Every single time I’ve had s** I’ve been raped, but i think i wanted it deep down . Because I’m a w****. I’ve always been that w**** even when i was little.
I wanted to marry the guy who touched me. He told me to call him daddy and made me pretend to be his daughter. He would play dolls with me, he would read to me, he would brush and braid my hair, he would be like my best friend and a dad rolled into one then he’d touch me. I think it was a good thing he never had kids.
He made me o*****. The only times I’ve ever orgasmed were at 8 years old. He touched me multiple times, he fingered me, he made me blow him, sometimes for hours, and he ate me out.
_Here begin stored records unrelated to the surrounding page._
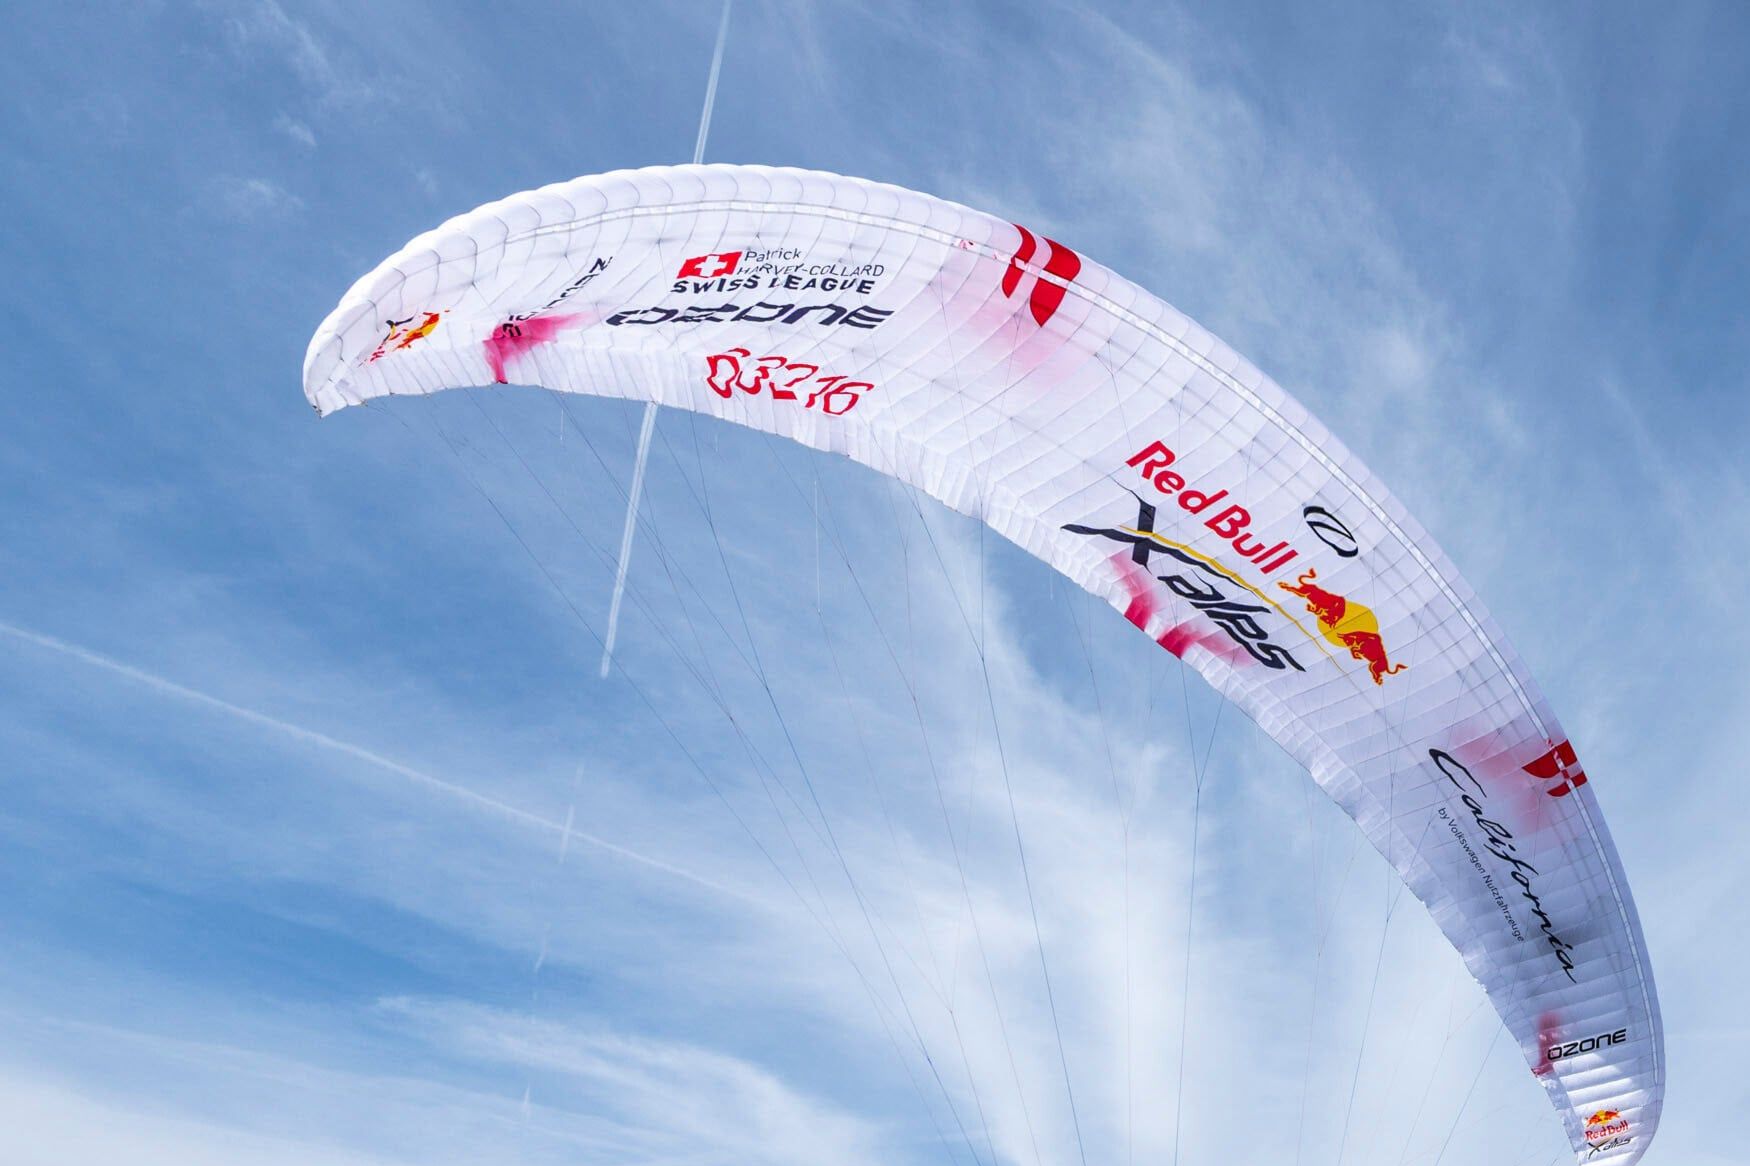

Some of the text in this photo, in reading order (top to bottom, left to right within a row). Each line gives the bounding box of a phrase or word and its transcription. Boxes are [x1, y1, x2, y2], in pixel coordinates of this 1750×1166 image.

[743, 247, 801, 263] Patrick
[670, 273, 876, 296] SWISS LEAGUE
[736, 263, 885, 278] HARVEY-COLLARD
[605, 301, 895, 330] OZONE
[1125, 440, 1299, 575] Red Bull
[1428, 748, 1578, 985] California
[1437, 807, 1525, 943] by Volkswagen Nutzfahrzeuge
[1547, 1028, 1627, 1061] OZONE
[1585, 1121, 1629, 1142] Red Bull
He never fucked me because he wanted to keep me “pure.” He told me he was gonna marry me when i was older and he would do it then.
The next s***** experience i had was a guy who asked me to a school dance trapping me in his car and forcing me to blow him, and he ended up breaking two of my teeth.
The next s***** experience was my now ex boyfriend putting his fingers in me while i was napping with him. I don’t know if that was really r*** or not because i made out with him before that. Either way it was somewhat my fault.
I don’t want to tell anyone about these two because no one will believe me, i think they will think I’m too ugly for that to have happened.
Nobody in my life even knows about any of this except for a friend who lives in another state, and he doesn’t know the extent of what happened. I’m still not able to write even half of everything about when i was a kid.
The worst part about it is that i still think about the guy from when i was a kid. I’m still attracted to him. The other two I just feel plain anger and fear but him i miss him and i feel disgusting. Sometimes i almost wish he would come back and when i think that i want to die. I want him back brushing and braiding my hair and i want to crawl out of my skin. A part of me a sick twisted part of me still fantasizes about having s** with him, i want to vomit but i still fantasize about it. An even worse part of me hopes we can be together again. I don’t know why i can’t hate him like the other two.